SELECT count(*) WHERE {?s a http://rs.tdwg.org/dwc/terms/#Occurrence};
= 1882
SELECT count(*) WHERE {?s a http://rs.tdwg.org/dwc/terms/#taxonConceptID};
This should give you a list of occurrences
http://lsd.taxonconcept.org/describe/?url=http://rs.tdwg.org/dwc/terms/%23Oc...
If this did not come through your email system try the bit.ly.
I tried the following that should have given me a google map of all the occurrences but it did not result in the map.
DESCRIBE ?x WHERE { ?x http://www.w3.org/1999/02/22-rdf-syntax-ns#type < http://rs.tdwg.org/dwc/terms/#Occurrence%3E. }
I looked that the RDF and I think I see the problem.
In the RDF
geo:latitude 41.53 </geo:latitude>
geo:longitude -70.67 </geo:longitude>
Should be
geo:lat 41.53 </geo:lat>
geo:long -70.67 </geo:long>
See http://www.w3.org/2003/01/geo/
I did the following query to get a list of all the dwc:taxonConceptID's and have attached them as a .txt file.
select distinct ?o WHERE {?s http://rs.tdwg.org/dwc/terms/#taxonConceptID ?o}
Pretty neat :-)
There are some things that I will get back to Joel on.
Here is where you can manually enter a SPARQL query. Click on "Advanced" for the entry window.
http://lsd.taxonconcept.org/isparql/
Respectfully,
- Pete
On Wed, Jan 12, 2011 at 5:55 PM, joel sachs jsachs@csee.umbc.edu wrote:
Hi Everyone,
I've posted rdf of the bioblitz data. It's at http://www.cs.umbc.edu/~jsachs/occurrences/TechnoBioblitzOccurrences.rdf .

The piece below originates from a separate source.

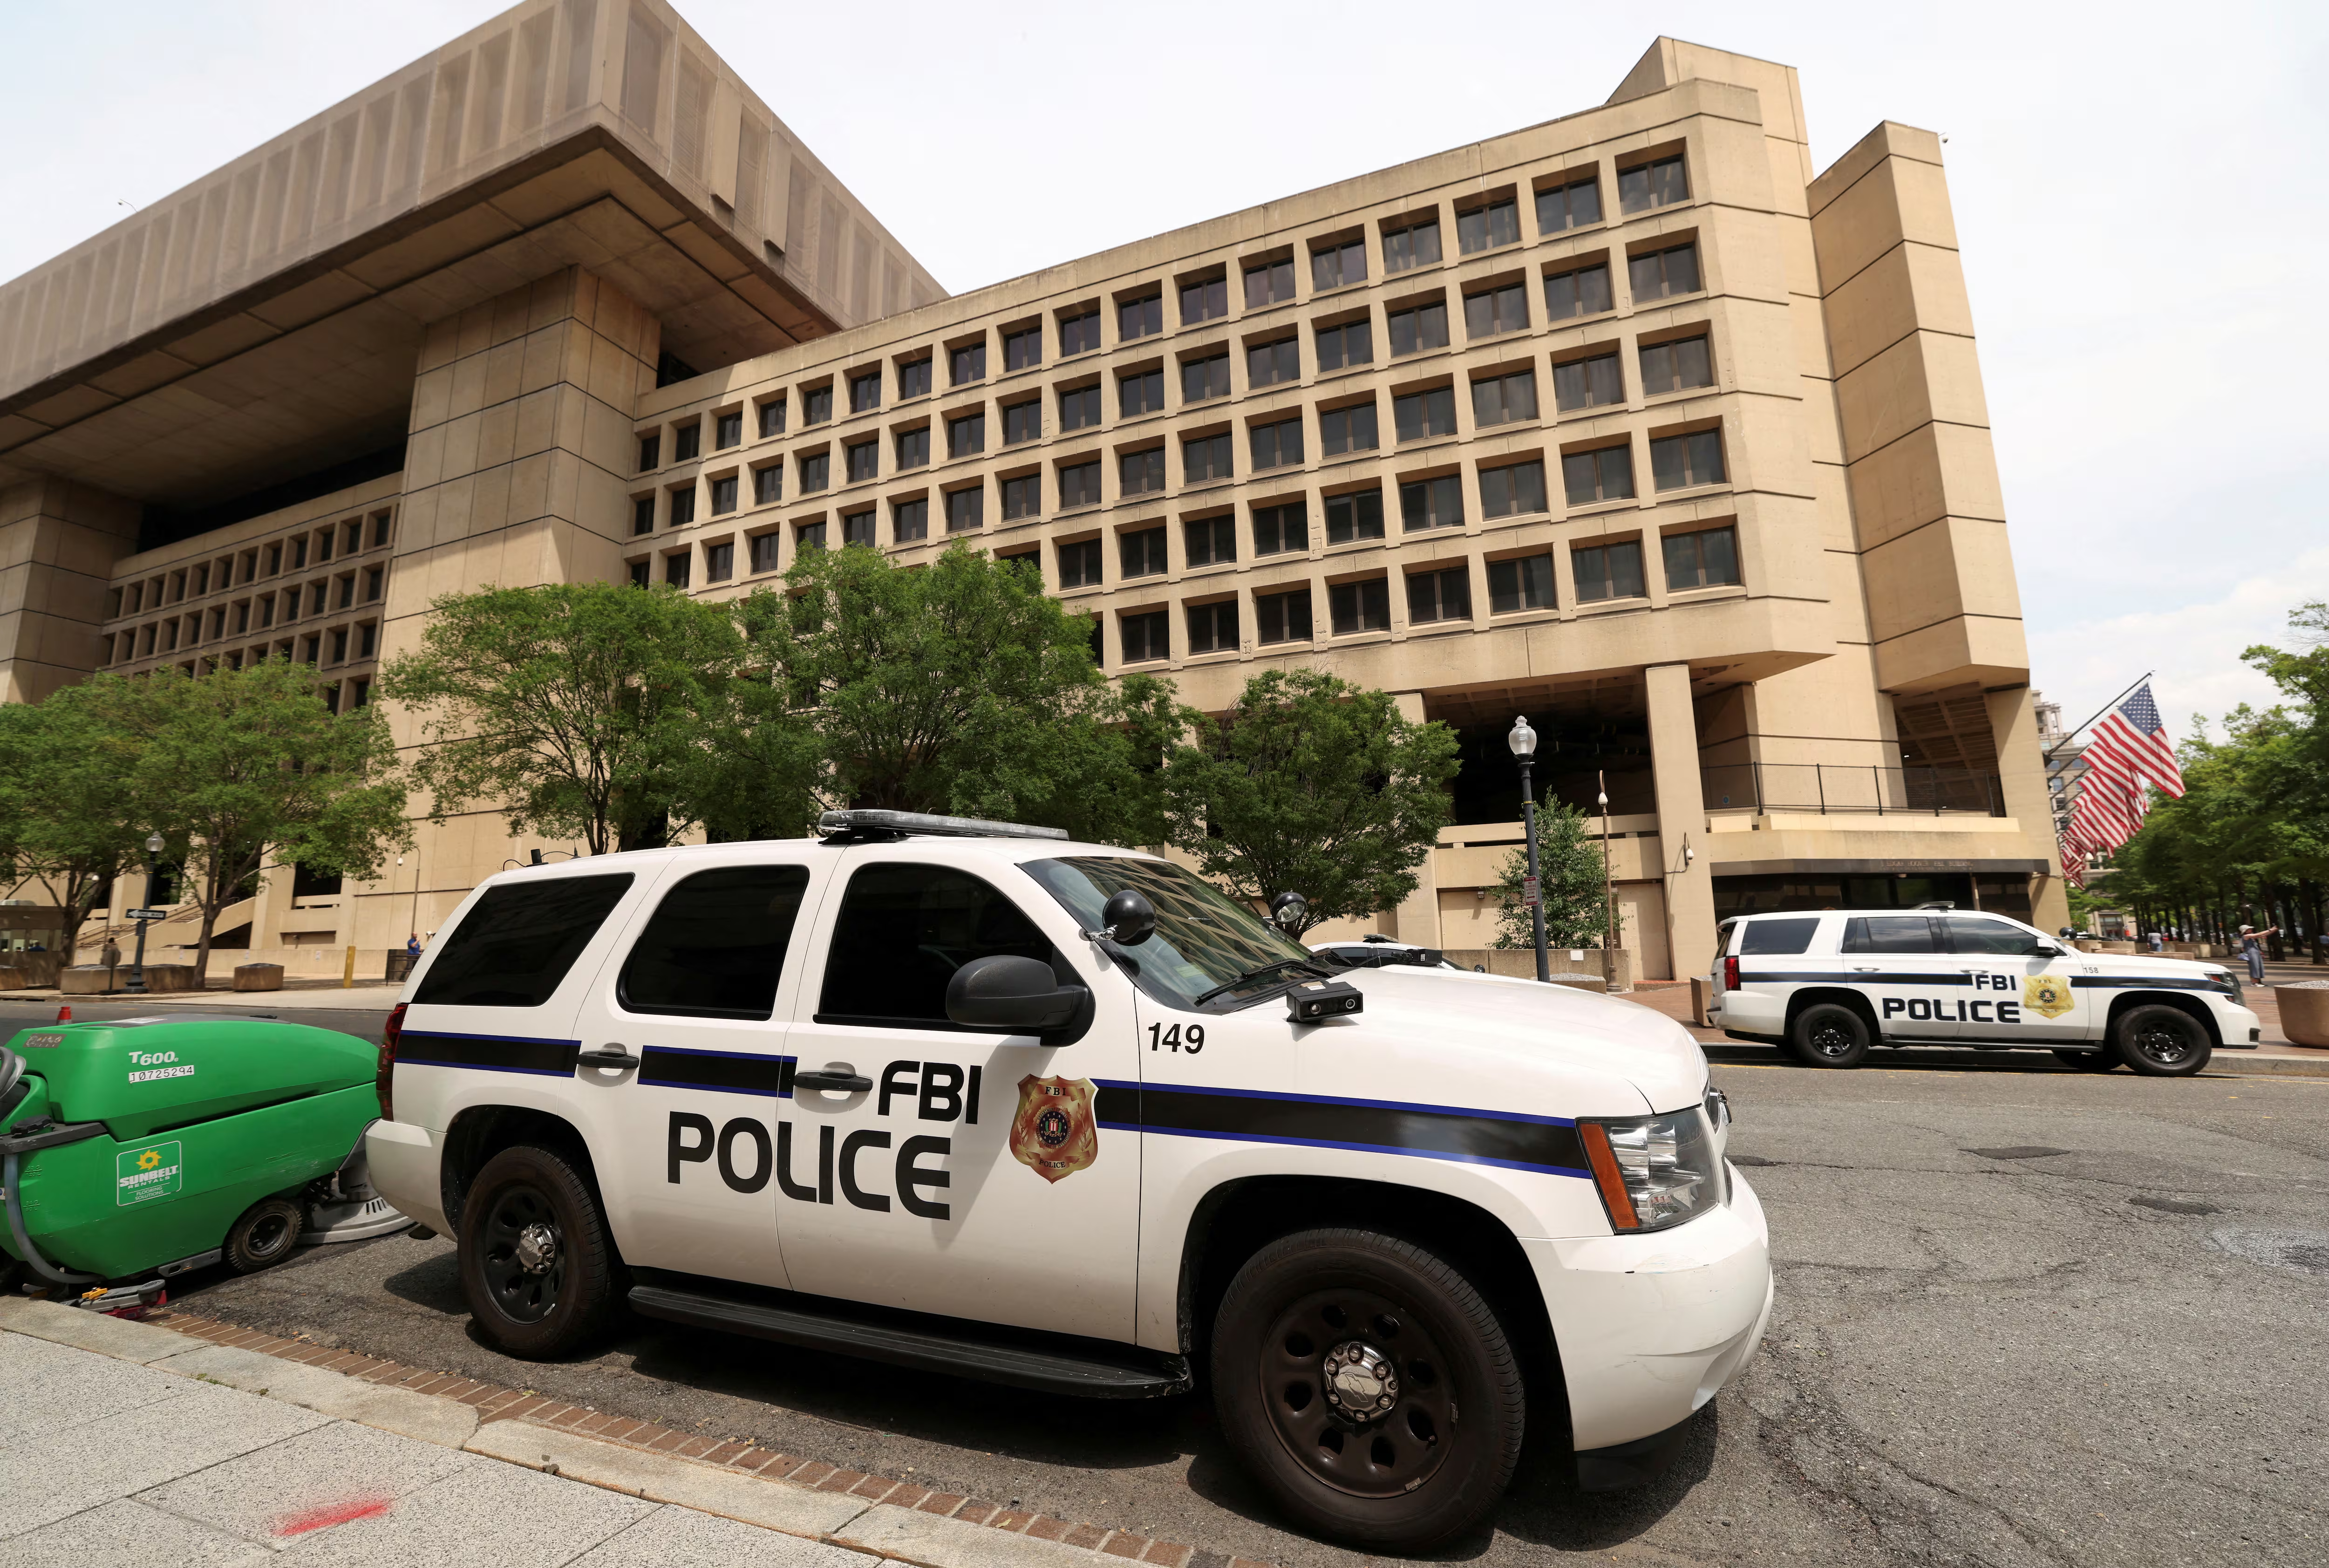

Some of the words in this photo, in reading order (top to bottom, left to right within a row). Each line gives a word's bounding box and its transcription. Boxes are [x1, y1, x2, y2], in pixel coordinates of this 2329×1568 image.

Individual occurrences can be retrieved via http://www.cs.umbc.edu/~jsachs/occurrences/%5Boccurrence_id] e.g. http://www.cs.umbc.edu/~jsachs/occurrences/tdwg2010bioblitz_1835
Individual identifications can be retrieved via http://www.cs.umbc.edu/~jsachs/identifications/%5Bidentification_id] e.g.
http://www.cs.umbc.edu/~jsachs/identifications/tdwg2010bioblitz_1835_id_1
The scripts behind this are on the kludgy side, so reports of errors and abnormalities will be warmly welcomed.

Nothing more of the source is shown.